I respectfully dissent from the conclusion reached by the majority of the Court in this matter.
The clear legal duty of the Commissioner is to award all contracts to the lowest responsible bidder. W. Va. Code, 17-4-19. The bidding process is designed to achieve the best price advantage for the people of the State consistent with high quality performance. The Commissioner’s regulations must fulfill this purpose and are not an end in themselves.
Here the bid was not awarded to the lowest responsible bidder but to a bidder who exceeded the lowest bid by almost $825,000. The bid accepted was 25.1796 percent higher than the low bid on this project. The Highway *894Department attempted to justify its rejection by enforcement and nonwaiver of one of the very regulations by which such advantageous bids were to be sought and exploited. That regulation required, among the 300 estimated documents at the time the bids were opened, an affidavit of noncollusive bidding. The bidder supplied that document one day after the bids were opened and four days before the contract was awarded but failed to include it with his original submission. The Commissioner refused to waive the low bidder’s initial tardiness and this refusal must be judged as to whether it is within or beyond the allowable discretion afforded the Commissioner. The range of that discretion is set forth in Pioneer Co. v. Hutchinson,_W. Va._, 220 S.E.2d 894 (1975), cited by the majority. In my judgment the Commissioner has exceeded the allowances of Pioneer. I have some familiarity with the rationale of that opinion.
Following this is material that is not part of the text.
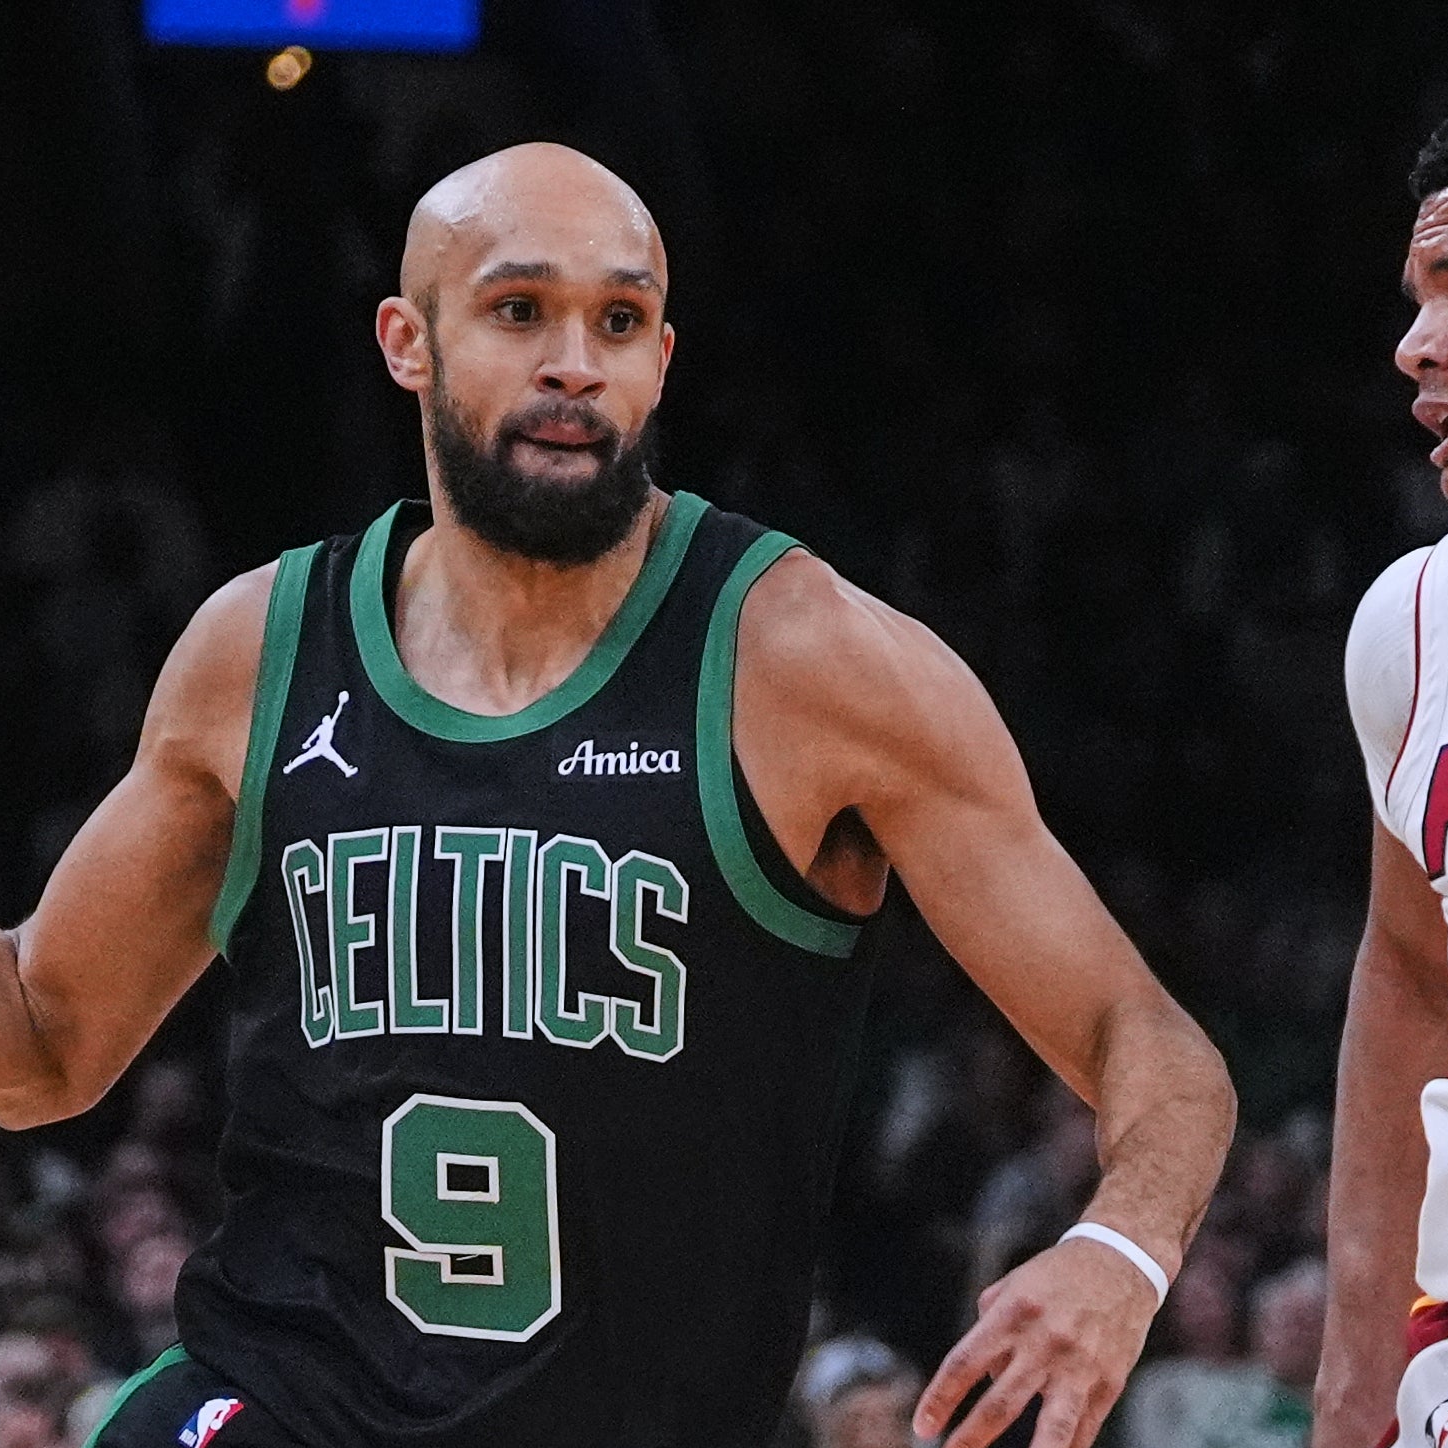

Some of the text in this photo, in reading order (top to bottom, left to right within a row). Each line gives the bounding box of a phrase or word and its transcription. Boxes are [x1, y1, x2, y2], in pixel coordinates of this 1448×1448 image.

[557, 739, 682, 777] Amica
[281, 824, 689, 1064] CELTICS
[380, 1092, 561, 1343] 9
The Commissioner’s regulations permitted the waiver of bidding documents. Here, the only waiver required in order to gain the advantage of the low bid was the indulgence of one day. The federal government, which requires the State to secure the bidding affidavit from bidders, allows its submission at any time before the award of the contract. The bidder had thus complied with the federal requirements but the Commissioner refused to be satisfied with the same standards. Ordinarily this would be commendable, to insist on higher than minimum standards to “insure integrity in the bidding process.” But here the one day delay had nothing to do with assuring integrity in the bidding process else we must assume that the federal process does not incorporate sufficient integrity.
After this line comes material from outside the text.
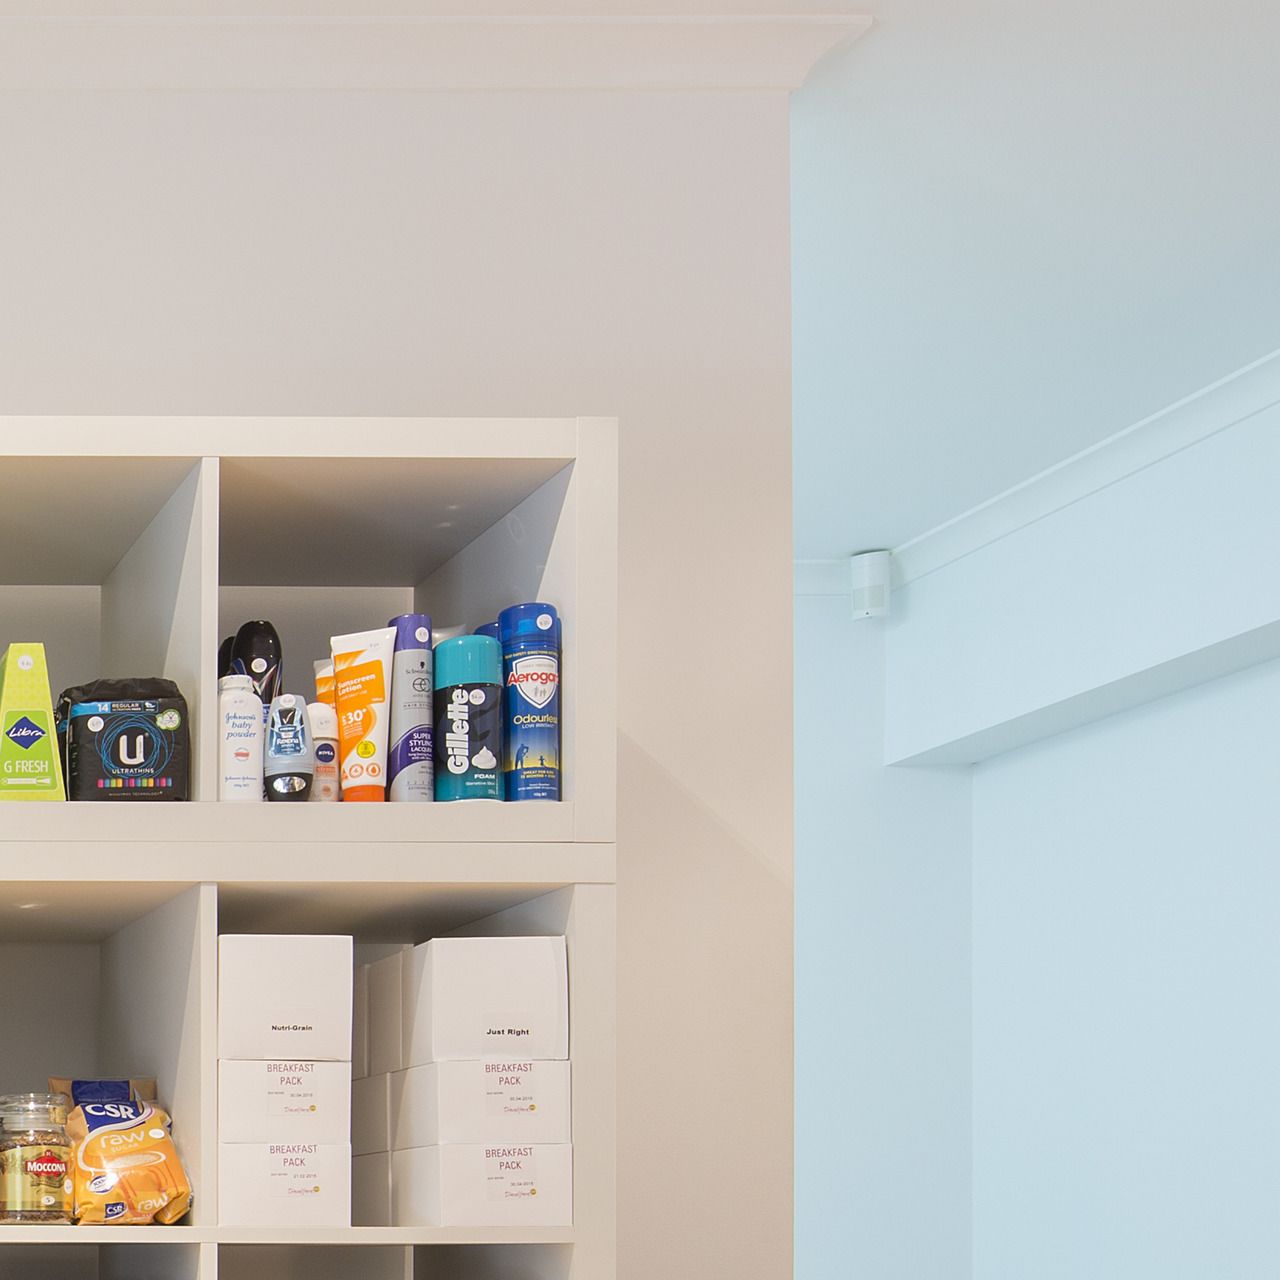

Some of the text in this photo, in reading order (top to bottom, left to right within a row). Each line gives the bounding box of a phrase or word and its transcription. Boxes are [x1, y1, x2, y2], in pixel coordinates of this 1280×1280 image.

The Commissioner is to be commended for assuring over his tenure of office that the award of contracts which have been made in historic proportions and amounts have been untainted by bidding irregularities. Here, however, he was poorly advised by staff members who stubbornly refused to consider and properly weigh the merits of following a course by which he would have *895carried out the law which required the award of this contract to the lowest bidder.